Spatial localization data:
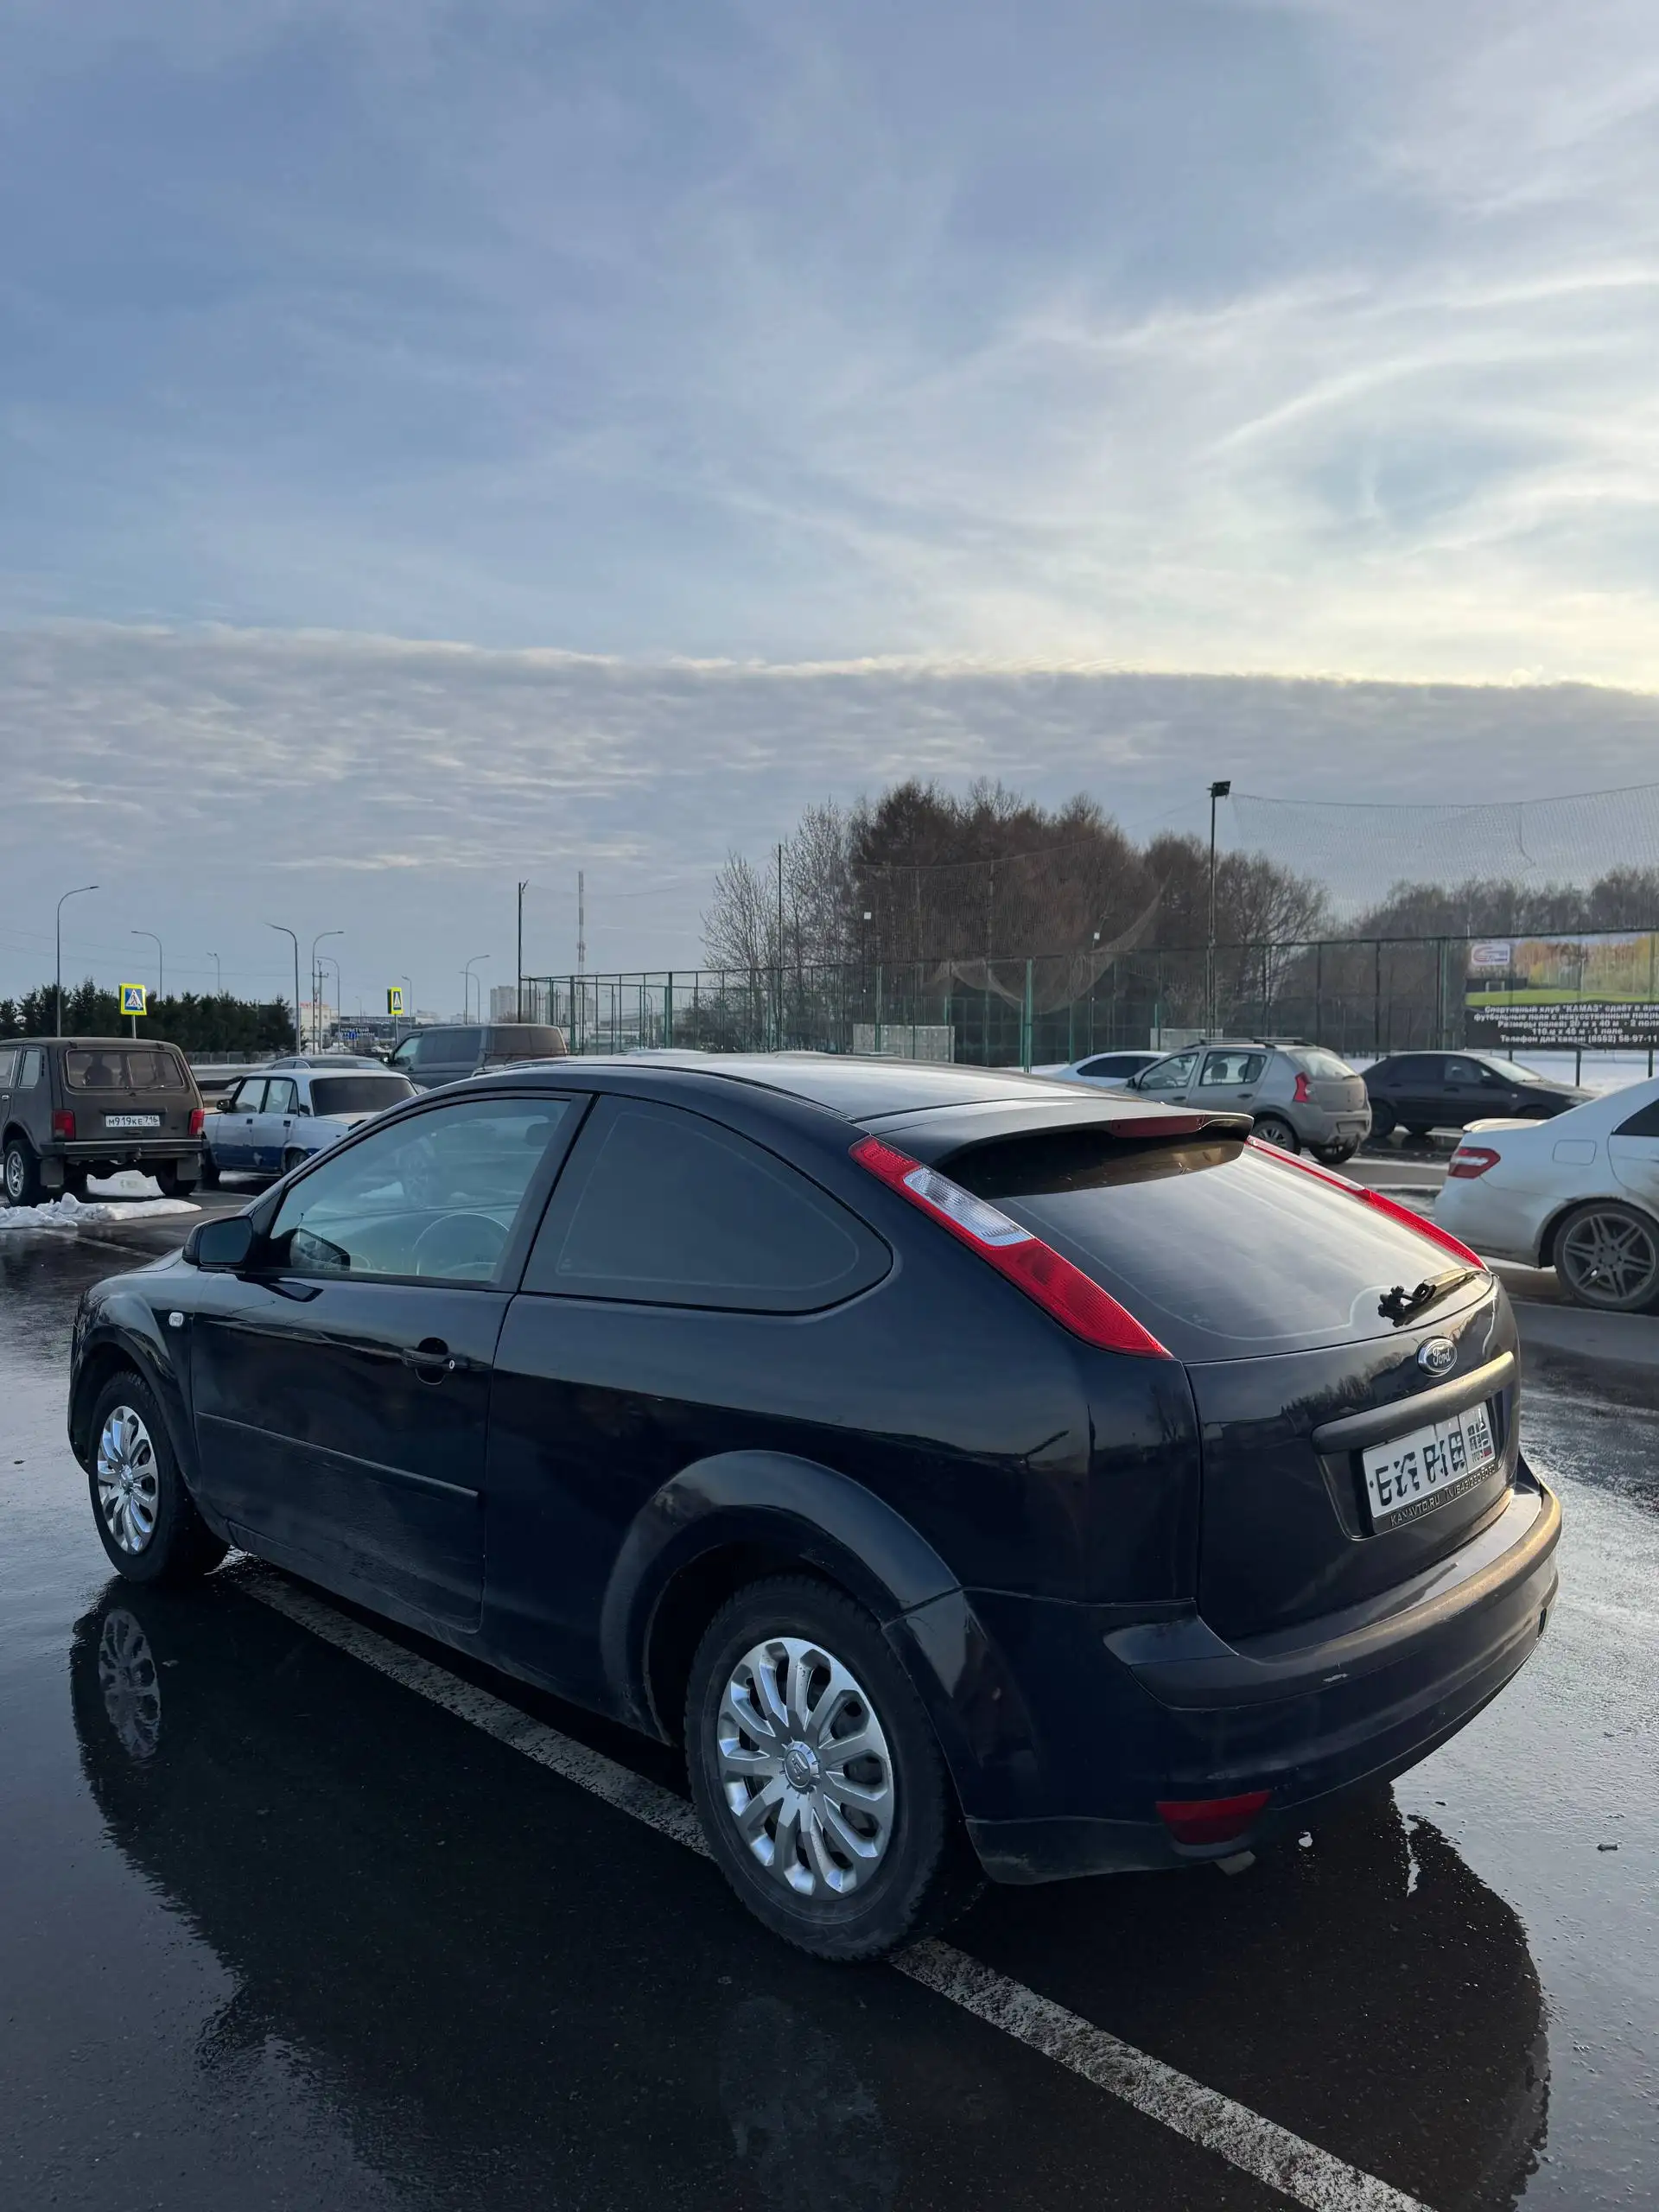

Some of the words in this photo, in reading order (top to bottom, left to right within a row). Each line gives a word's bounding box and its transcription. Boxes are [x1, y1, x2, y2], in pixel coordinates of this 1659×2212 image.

[1485, 1005, 1538, 1014] Спортивный
[1540, 1004, 1560, 1014] клуб
[1562, 1003, 1603, 1013] "КАМАЗ"
[1473, 1013, 1527, 1022] футбольные
[1528, 1013, 1549, 1021] поля
[1551, 1013, 1558, 1021] с
[1497, 1020, 1536, 1029] Размеры
[1599, 1019, 1611, 1028] 40
[1531, 1027, 1548, 1036] 110
[1600, 1027, 1624, 1036] поле
[1500, 1034, 1538, 1044] Телефон
[1540, 1035, 1556, 1044] для
[1432, 1346, 1452, 1366] Ford
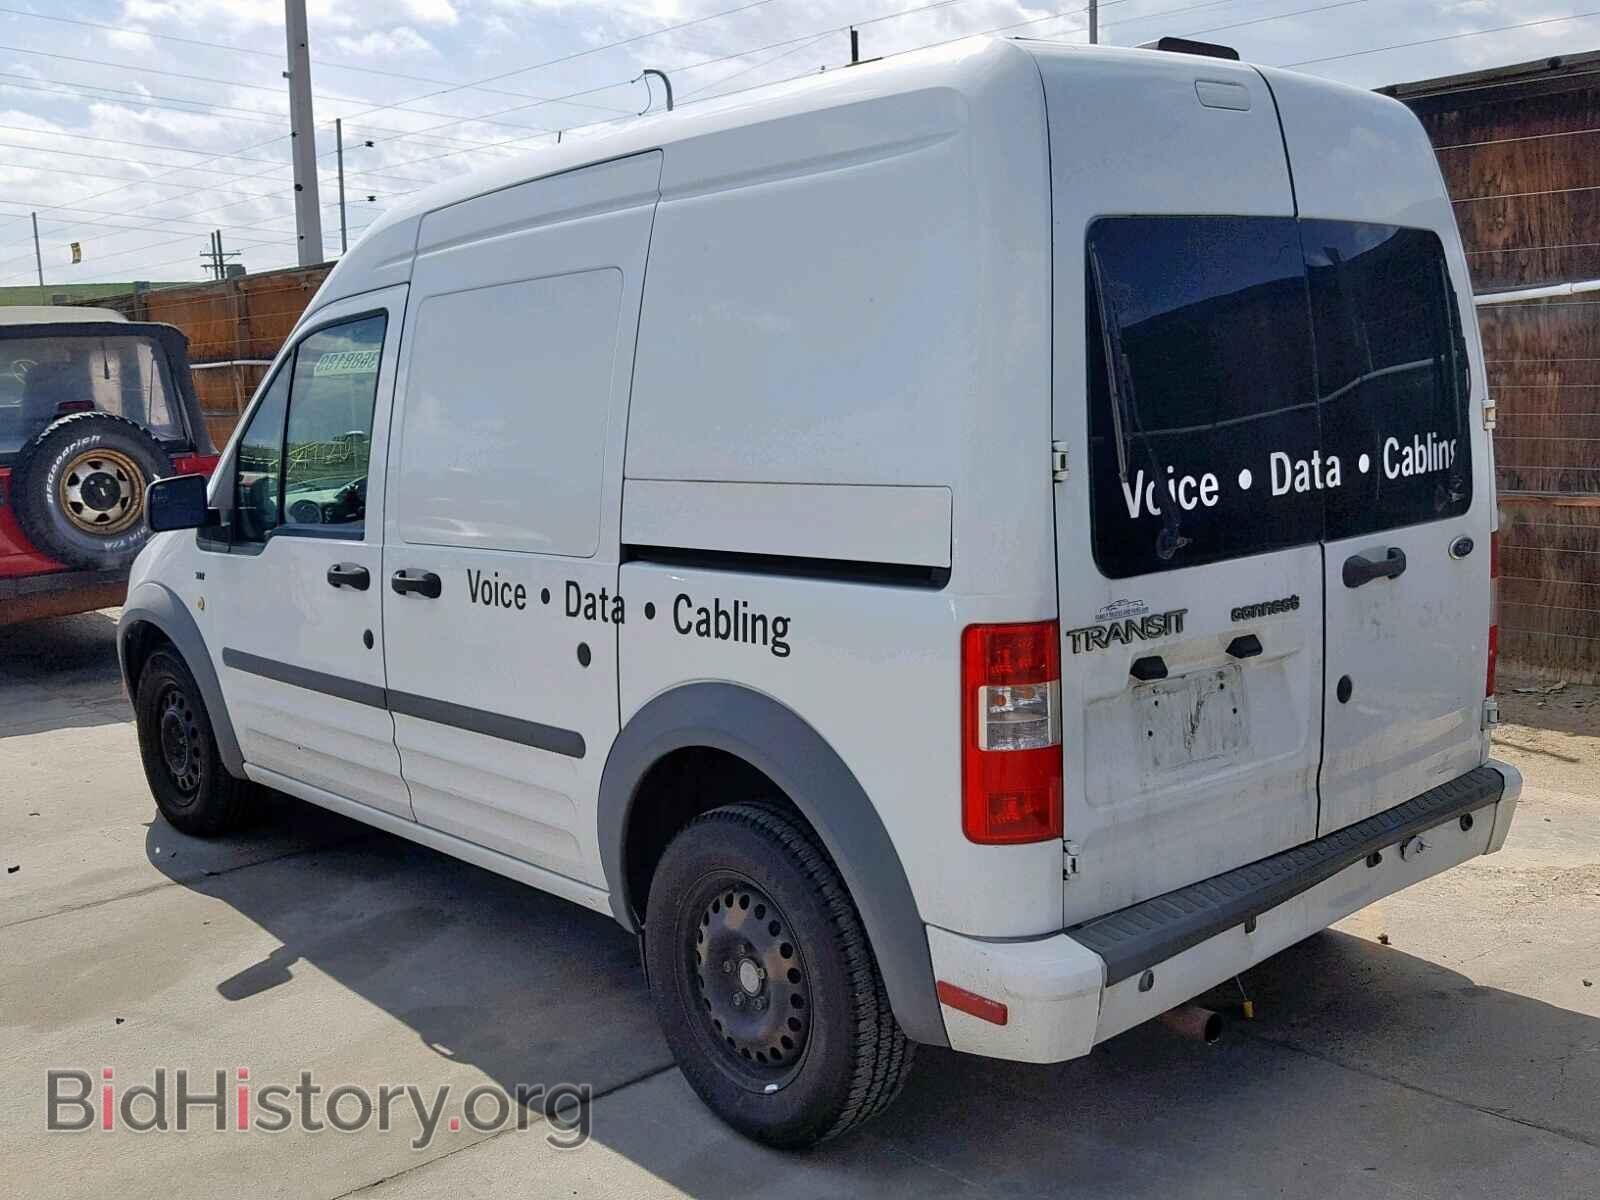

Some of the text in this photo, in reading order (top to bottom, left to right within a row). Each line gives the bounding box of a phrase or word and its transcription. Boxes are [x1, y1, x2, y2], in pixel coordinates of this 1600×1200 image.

WHAT TO DO: Exact copy, no pictures: set down all the entries again as they stand.

OUTPUT BELOW:
Some of the words in this photo, in reading order (top to bottom, left to right within a row). Each line gives a word's bounding box and its transcription. Boxes are [x1, y1, x2, y2], in pixel coordinates of this 1659×2212 image.

[1485, 1005, 1538, 1014] Спортивный
[1540, 1004, 1560, 1014] клуб
[1562, 1003, 1603, 1013] "КАМАЗ"
[1473, 1013, 1527, 1022] футбольные
[1528, 1013, 1549, 1021] поля
[1551, 1013, 1558, 1021] с
[1497, 1020, 1536, 1029] Размеры
[1599, 1019, 1611, 1028] 40
[1531, 1027, 1548, 1036] 110
[1600, 1027, 1624, 1036] поле
[1500, 1034, 1538, 1044] Телефон
[1540, 1035, 1556, 1044] для
[1432, 1346, 1452, 1366] Ford

Some of the text in this photo, in reading order (top to bottom, left to right within a row). Each line gives the bounding box of a phrase or word and its transcription. Boxes are [x1, y1, x2, y2], in pixel coordinates of this 1600×1200 image.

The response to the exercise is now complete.